The report cites possible scenarios where a nuclear deterrent would be useful in the future and references the current situation with Russia, it says, the “re-emergence of a nuclear threat from a state with a significant nuclear arsenal and overwhelming conventional capabilities, and with an aggressive posture. The only current example of this possibility is Russia. NATO allies are currently reassessing their posture and capabilities, and there is uncertainty over whether and how an independent British nuclear deterrent could become relevant to the NATO-Russia relationship in the future."

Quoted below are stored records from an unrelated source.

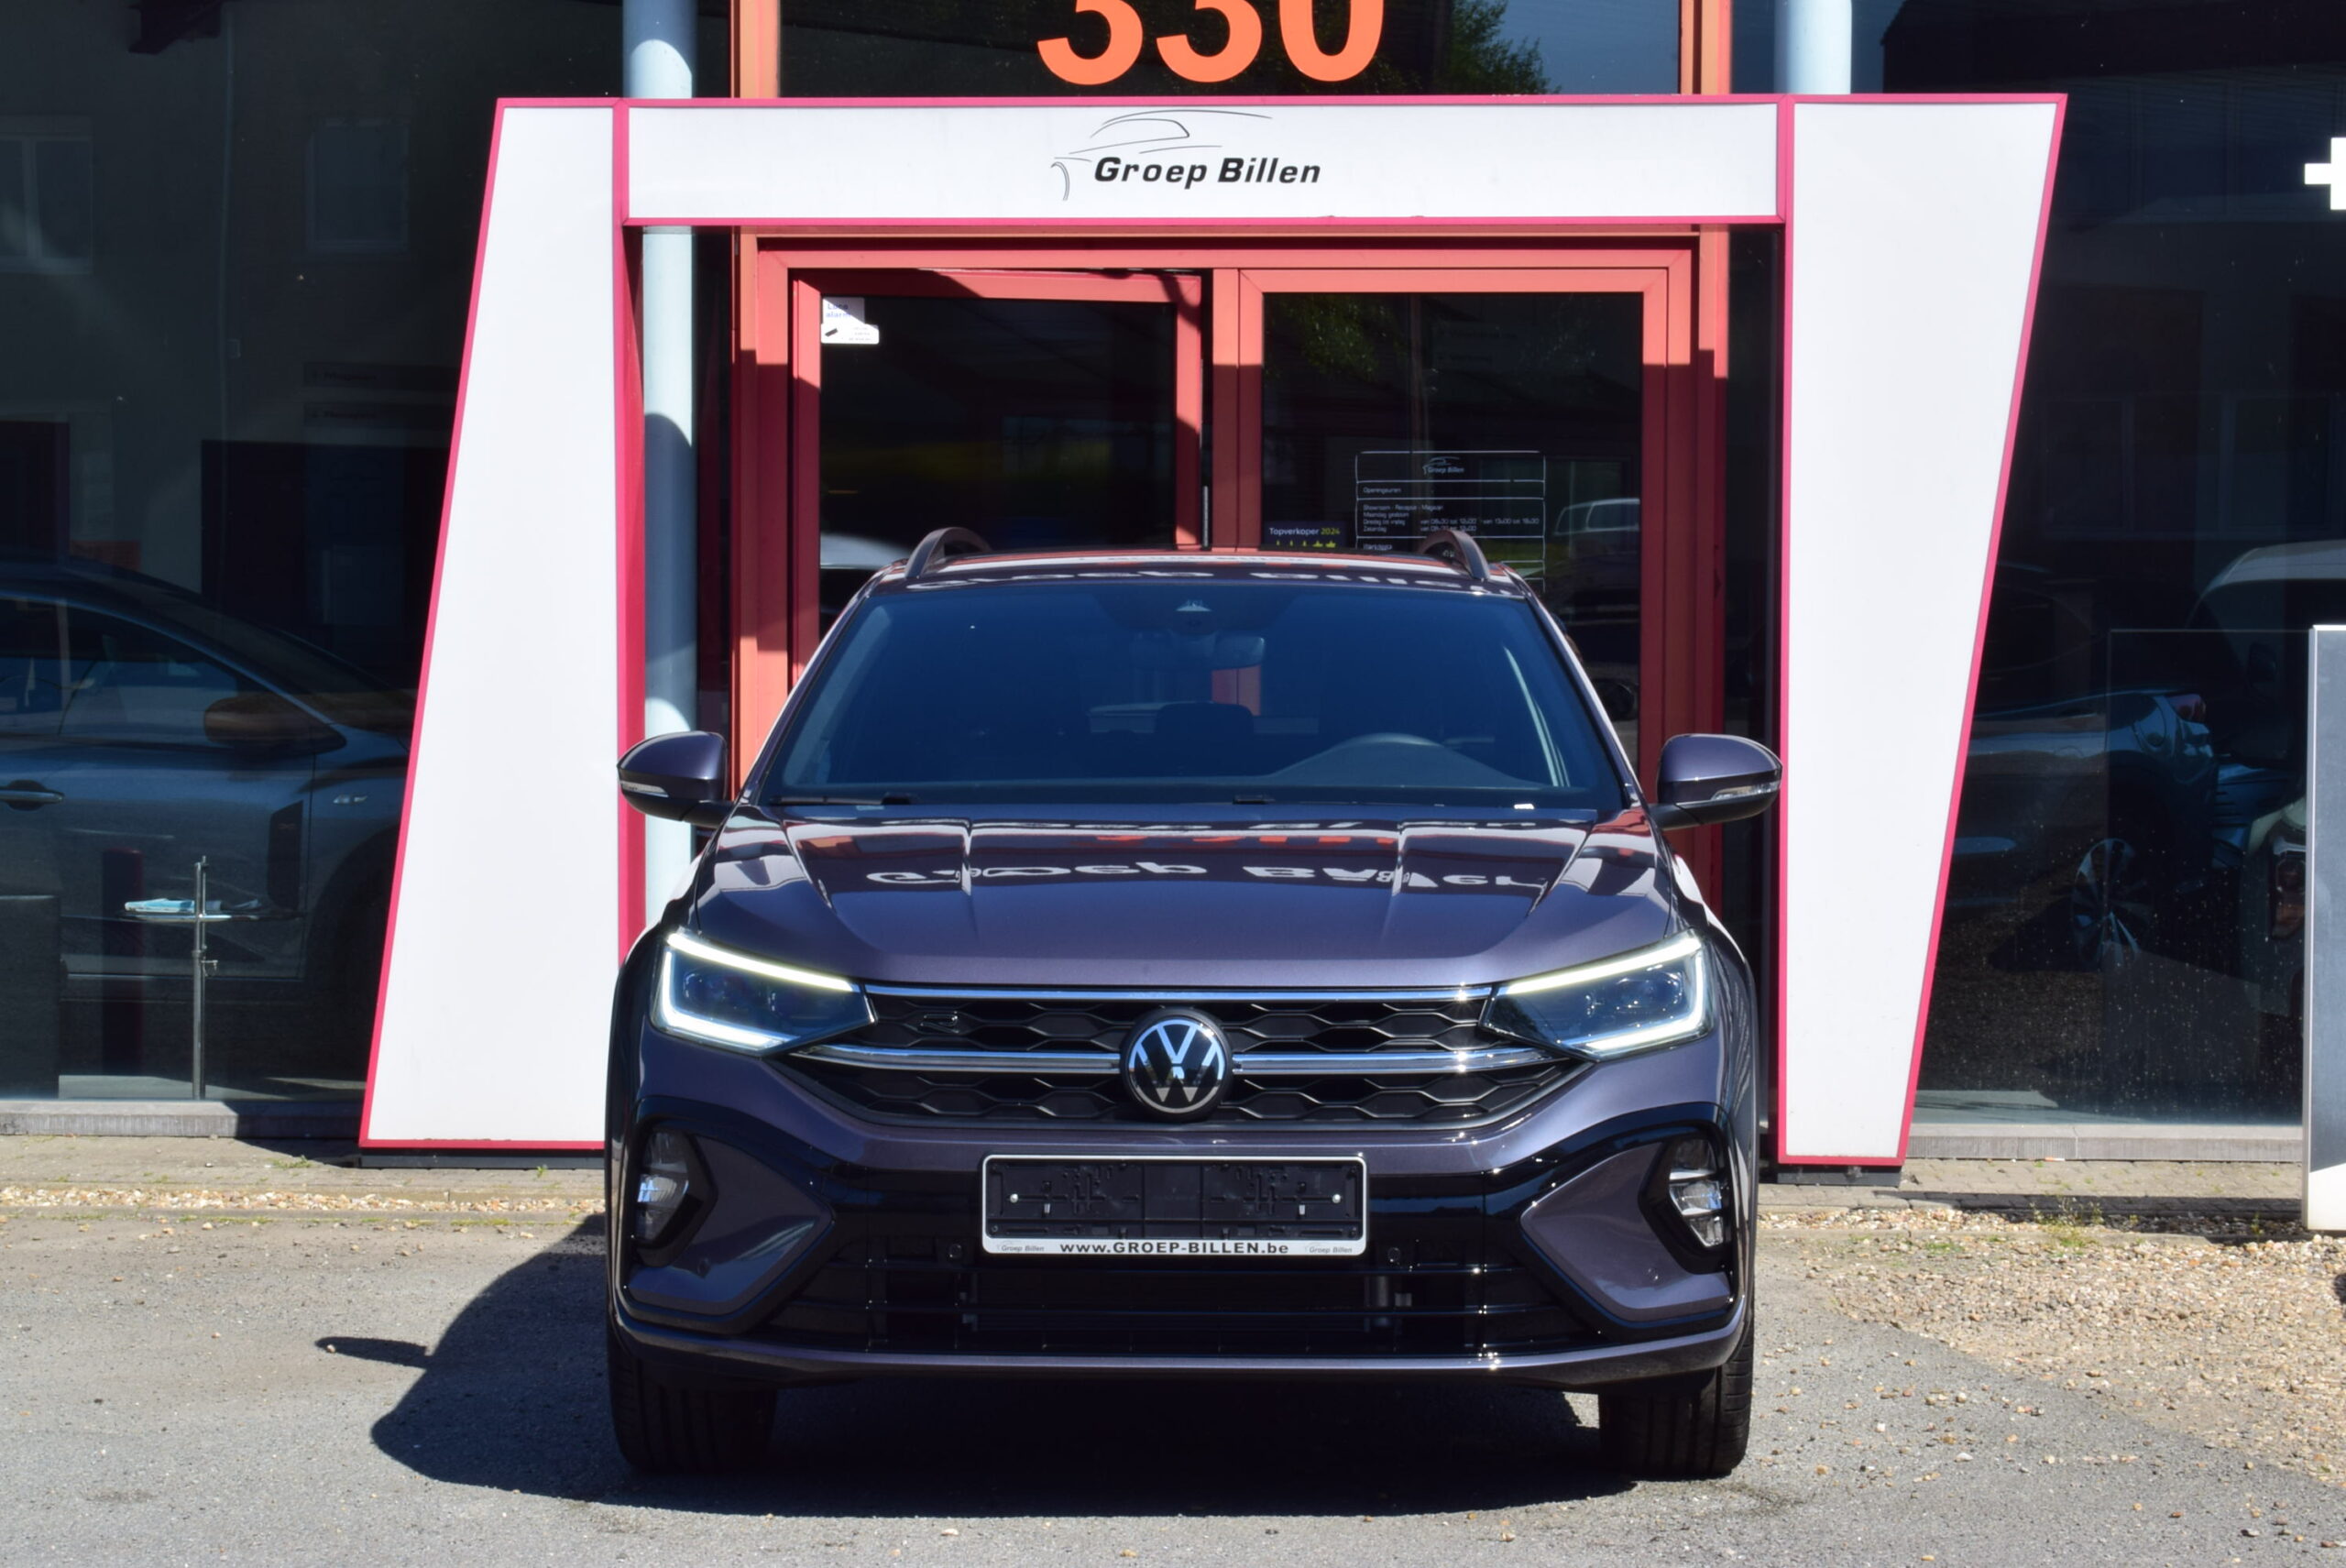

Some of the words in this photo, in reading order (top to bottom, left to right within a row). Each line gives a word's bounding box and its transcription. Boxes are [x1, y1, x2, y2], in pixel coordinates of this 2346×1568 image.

[1094, 157, 1207, 190] Groep
[1218, 158, 1321, 184] Billen
[1269, 527, 1320, 537] Topverkoper
[1001, 1245, 1023, 1253] Groep
[1025, 1245, 1045, 1253] Billen
[1059, 1242, 1289, 1255] www.GROEP-BILLEN.be
[1309, 1246, 1330, 1255] Groep

There are four trident submarines armed with ballistic missiles that are able to fire thermonuclear warheads. The decision on the renewal of Trident has been postponed until after the 2015 general elections after opposition from the the Liberal Democrats - the conservative coalition partners.

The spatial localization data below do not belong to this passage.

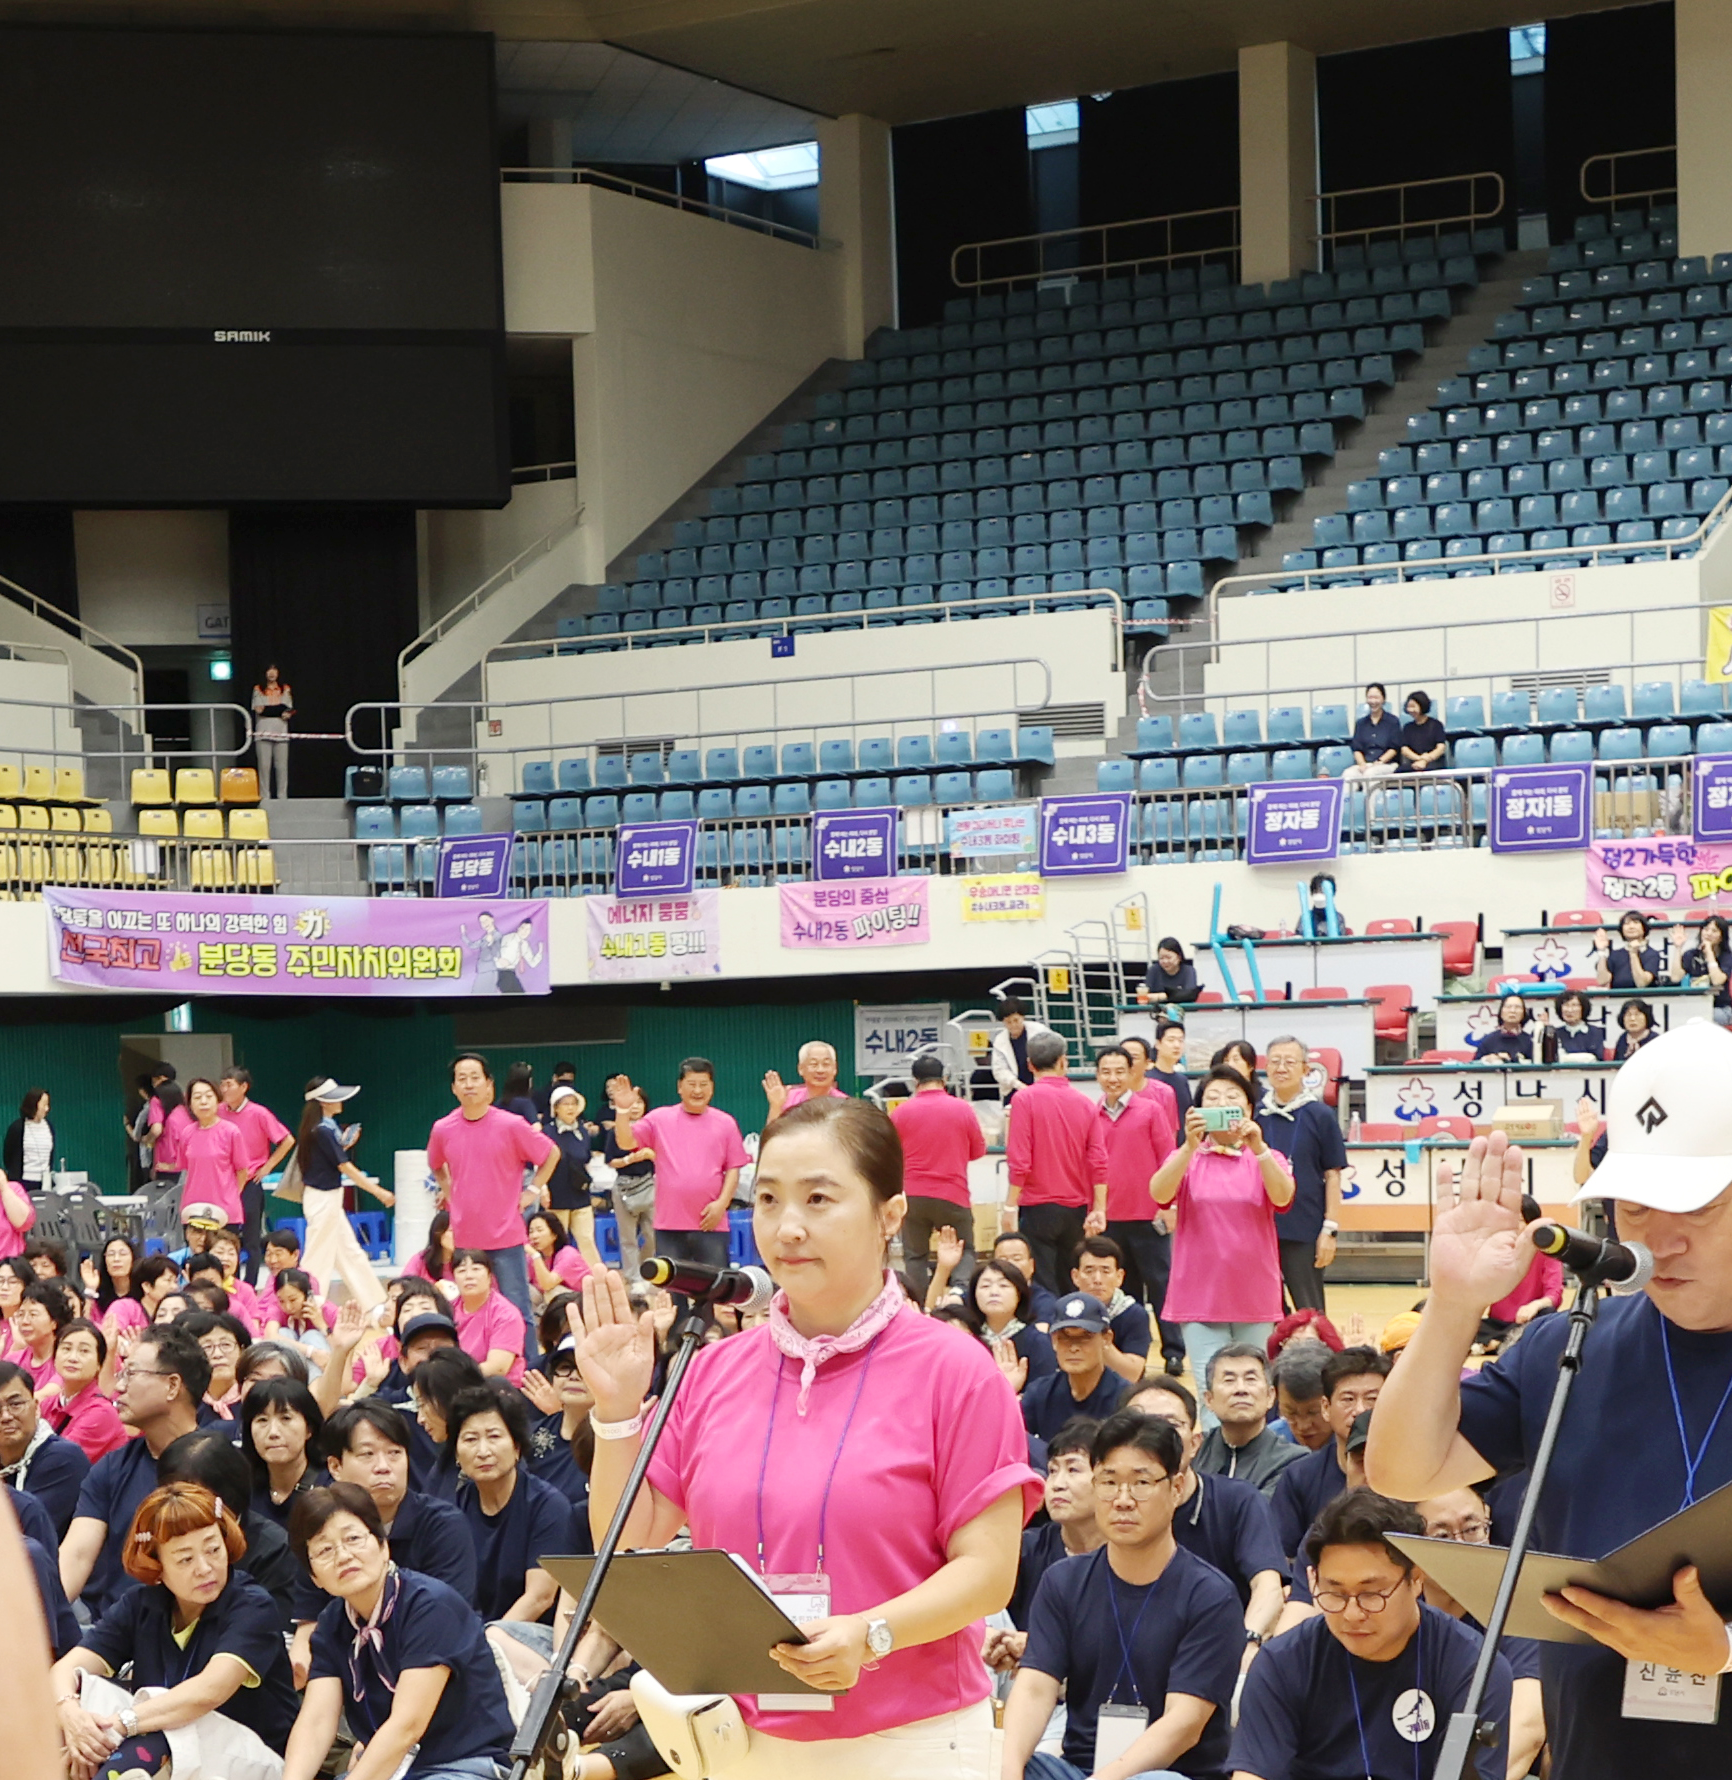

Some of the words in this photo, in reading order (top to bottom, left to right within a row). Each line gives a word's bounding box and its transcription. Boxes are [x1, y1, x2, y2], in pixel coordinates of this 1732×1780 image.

[213, 330, 271, 342] SAMIK
[1505, 794, 1574, 820] 정자1동
[1264, 808, 1321, 832] 정자동
[1051, 822, 1116, 846] 수내3동
[626, 847, 681, 869] 수내1동
[824, 836, 884, 859] 수내2동
[449, 857, 495, 879] 분당동
[813, 889, 856, 908] 분당의
[860, 887, 890, 906] 중심
[155, 911, 173, 932] 또
[175, 913, 221, 933] 하나의
[224, 912, 270, 934] 강력한
[273, 913, 288, 935] 힘
[607, 903, 653, 925] 에너지
[792, 920, 849, 942] 수내2동
[852, 902, 922, 940] 파이팅!!
[60, 927, 162, 972] 전국최고
[197, 942, 278, 977] 분당동
[284, 943, 463, 980] 주민자치위원회
[600, 931, 668, 960] 수내1동
[864, 1027, 938, 1055] 수내2동

The cost of the Trident is £2.9 bn a year and this is likely to increase in the 2020s to around £4bn a year (according to 2012 prices). The Trident system is based in Scotland, with one submarine always armed and at sea and two at port. The Scottish National Party (SNP) said in their white paper published last year that if they gain independence in September’s referendum, they will scrap Trident. The party claims that the majority of Scottish people are against the renewal of Trident and have referred to the weapons as “unwanted, and abhorrent weapons of mass destruction”.
The Campaign for Nuclear Disarmament (CND) criticised the report and said it was “stuck in the past."
CND General Secretary Kate Hudson said, "It is lamentable that three years of hard work has not moved on the debate around Britain’s weapons of mass destruction."
"The Trident Commission should have listened to the majority of the British people who oppose the replacement of Trident, and the overwhelming majority internationally who want to see a world free of these monstrous and outdated weapons. Instead the Commission has produced a rehash of Cold War thinking which fails to acknowledge that the world has moved on," Hudson said.
She continued that the Government’s own National Security Strategy downgraded the likelihood of a state-on-state nuclear attack: prioritising terrorism, climate change and cyber warfare. "To suggest that the UK should spend £100bn on a weapons system which we could never use and which doesn’t meet the threats we face is mindboggling," she said.
"Britain must not remain stuck in the past: which is exactly what the Trident Commission recommends that we do."